In der Diskussion um die Sinnhaftigkeit von Schulnoten gibt es unterschiedliche Meinungen, insbesondere wenn es um die Befürwortung oder Ablehnung von Zensuren im Bildungswesen geht. Der Potsdamer Lehrer Stefan Hagenau, der an verschiedenen Schulen in Berlin und Brandenburg tätig war, äußerte sich in einem Interview mit der MAZ kritisch über das Notensystem und plädiert für eine Leistungsbewertung ohne Noten. Laut Hagenau können Zensuren sogar schädliche Auswirkungen auf Schüler haben.
Hagenau hat an einer Grundschule am Prenzlauer Berg unterrichtet, wo Eltern darüber abstimmen sollten, ob ihre Kinder Noten erhalten sollten oder nicht. Anfangs entschieden sich alle gegen Noten, mussten jedoch ein Jahr später, unter dem Druck der Schullaufbahnentscheidungen, ihre Meinung ändern und stimmten knapp für eine Benotung. Diese Erlebnisse verdeutlichen, wie externe Faktoren die Entscheidungsfindung der Eltern beeinflussen. Noten erscheinen zwar für viele Eltern leserlicher und klarer, doch Hagenau stellt fest, dass auch in Schulen ohne Noten eine differenzierte Leistungsbewertung möglich ist, zum Beispiel durch Indikatorenzeugnisse oder persönliche Leistungsbeurteilungen der Lehrer.
Vorzüge einer notenfreien Bewertung
Einen zentralen Vorteil einer notenfreien Schule sieht Hagenau darin, dass Kinder in einem weniger wettbewerbsorientierten Umfeld lernen können. Er berichtet von seiner eigenen Tochter, die in einer Schule ohne Noten ist und die der Unterricht entspannter empfindet. Dennoch merkt er an, dass der Übergang zu einem System mit Noten für viele Kinder eine große Umstellung darstellt. Einige Eltern erhoffen sich durch Noten, dass ihre Kinder die Schule ernster nehmen, was teilweise auch der Fall ist.

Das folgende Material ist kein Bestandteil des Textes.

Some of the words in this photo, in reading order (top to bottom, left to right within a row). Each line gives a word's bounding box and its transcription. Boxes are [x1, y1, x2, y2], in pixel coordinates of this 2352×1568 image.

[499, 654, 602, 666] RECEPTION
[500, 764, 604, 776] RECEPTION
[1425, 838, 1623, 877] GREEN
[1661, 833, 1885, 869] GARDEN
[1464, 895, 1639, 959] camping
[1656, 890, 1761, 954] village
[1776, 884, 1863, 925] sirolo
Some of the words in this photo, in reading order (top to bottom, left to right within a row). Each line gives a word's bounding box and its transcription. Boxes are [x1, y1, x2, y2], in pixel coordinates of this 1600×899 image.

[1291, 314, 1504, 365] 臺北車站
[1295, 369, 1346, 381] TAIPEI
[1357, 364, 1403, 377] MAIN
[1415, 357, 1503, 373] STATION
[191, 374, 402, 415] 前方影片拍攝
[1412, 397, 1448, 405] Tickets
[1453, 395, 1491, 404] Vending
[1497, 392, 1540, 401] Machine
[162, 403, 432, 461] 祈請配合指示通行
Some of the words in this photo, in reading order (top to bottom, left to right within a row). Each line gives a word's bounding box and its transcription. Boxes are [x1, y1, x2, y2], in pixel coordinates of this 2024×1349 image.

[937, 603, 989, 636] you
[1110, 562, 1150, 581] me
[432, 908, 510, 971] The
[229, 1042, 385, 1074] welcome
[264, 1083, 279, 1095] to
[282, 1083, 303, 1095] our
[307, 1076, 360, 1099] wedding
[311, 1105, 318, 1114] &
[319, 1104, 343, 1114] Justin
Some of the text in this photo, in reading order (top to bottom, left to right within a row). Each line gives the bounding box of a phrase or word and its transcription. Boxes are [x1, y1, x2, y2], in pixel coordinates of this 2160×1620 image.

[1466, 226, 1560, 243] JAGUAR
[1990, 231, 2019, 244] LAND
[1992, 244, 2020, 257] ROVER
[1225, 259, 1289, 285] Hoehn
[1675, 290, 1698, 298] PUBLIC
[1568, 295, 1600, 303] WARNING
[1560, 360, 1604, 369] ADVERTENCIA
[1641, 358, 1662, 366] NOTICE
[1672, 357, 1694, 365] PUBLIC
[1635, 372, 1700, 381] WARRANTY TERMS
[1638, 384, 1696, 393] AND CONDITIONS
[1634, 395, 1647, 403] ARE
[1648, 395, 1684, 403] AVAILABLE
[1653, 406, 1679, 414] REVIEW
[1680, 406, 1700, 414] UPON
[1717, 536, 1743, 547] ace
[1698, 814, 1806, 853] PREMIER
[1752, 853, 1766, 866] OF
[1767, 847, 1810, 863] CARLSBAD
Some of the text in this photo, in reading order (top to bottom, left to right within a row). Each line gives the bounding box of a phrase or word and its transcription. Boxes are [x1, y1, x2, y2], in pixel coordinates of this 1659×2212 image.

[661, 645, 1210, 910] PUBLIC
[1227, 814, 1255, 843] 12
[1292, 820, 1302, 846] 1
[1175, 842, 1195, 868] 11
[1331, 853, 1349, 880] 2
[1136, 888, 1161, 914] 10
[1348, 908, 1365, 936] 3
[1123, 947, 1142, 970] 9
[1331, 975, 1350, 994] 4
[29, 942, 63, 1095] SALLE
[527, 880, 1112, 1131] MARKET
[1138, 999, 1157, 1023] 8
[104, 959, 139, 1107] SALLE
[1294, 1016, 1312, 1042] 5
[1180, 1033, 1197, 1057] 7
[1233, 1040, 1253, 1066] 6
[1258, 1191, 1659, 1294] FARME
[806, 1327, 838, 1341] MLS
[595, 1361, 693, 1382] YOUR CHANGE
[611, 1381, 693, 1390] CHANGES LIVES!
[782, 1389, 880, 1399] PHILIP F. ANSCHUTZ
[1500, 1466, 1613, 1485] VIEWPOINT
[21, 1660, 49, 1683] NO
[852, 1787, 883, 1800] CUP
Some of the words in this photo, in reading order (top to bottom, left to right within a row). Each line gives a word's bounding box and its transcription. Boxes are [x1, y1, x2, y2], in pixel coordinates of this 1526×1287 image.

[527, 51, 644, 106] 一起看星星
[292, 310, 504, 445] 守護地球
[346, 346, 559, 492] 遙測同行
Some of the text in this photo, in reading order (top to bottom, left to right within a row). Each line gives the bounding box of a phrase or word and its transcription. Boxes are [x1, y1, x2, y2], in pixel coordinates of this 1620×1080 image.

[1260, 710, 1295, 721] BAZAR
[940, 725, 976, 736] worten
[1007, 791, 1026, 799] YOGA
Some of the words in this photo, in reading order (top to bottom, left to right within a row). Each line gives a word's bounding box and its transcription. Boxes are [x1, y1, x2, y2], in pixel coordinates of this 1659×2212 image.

Hagenau hebt hervor, dass das Alter der Schüler eine Rolle spielt, wenn es um den Umgang mit Noten geht. Bei jüngeren Kindern kann der Druck, der mit dem Notensystem einhergeht, demotivierend wirken. Dies wird gemessen an der zunehmenden Leistungsstreuung in Grundschulen, wo einige Kinder auf einem hohen Niveau arbeiten, während andere deutlich zurückbleiben.
Er fährt fort, dass die Bewertung in den Schulen stark schwankend ist und nicht immer den Leistungsstand der Schüler objektiv widerspiegelt. Diese Unbeständigkeit führt dazu, dass Noten nicht so fair sind, wie sie oft wahrgenommen werden. Dies wird besonders evident, wenn Lehrer unterschiedlich streng benoten. Hagenau ist sich durchaus bewusst, dass Noten in der weiterführenden Schule eine Rolle spielen, besteht jedoch darauf, dass Lehrer auch ohne Noten eine qualitativ hochwertige Einschätzung abgeben können.
Die Auseinandersetzung mit Schulnoten tangiert nicht nur Schüler und Lehrer, sondern auch die Erziehungswissenschaft im Allgemeinen. Eine kritische Analyse des Notensystems, wie sie auf bruehlmeier.info erfolgt, zeigt, dass Schulnoten oftmals nicht objektiv sind und zahlreiche Nebenwirkungen haben. Insbesondere wird bemängelt, dass das Notensystem schädliche Auswirkungen auf das Selbstwertgefühl von Schülern hat und die Beziehung zwischen Lehrern und Schülern belastet. Die Forschung legt nahe, dass eine andere Form der Leistungsbewertung notwendig ist, um den individuellen Lernprozess besser zu begleiten und zu fördern.
Insgesamt beleuchten die Argumente von Hagenau und die kritischen Analysen die Komplexität der Frage nach der Idee der Notenvergabe in Schulen und dessen Auswirkungen auf die Schüler sowie den gesamten Bildungsprozess.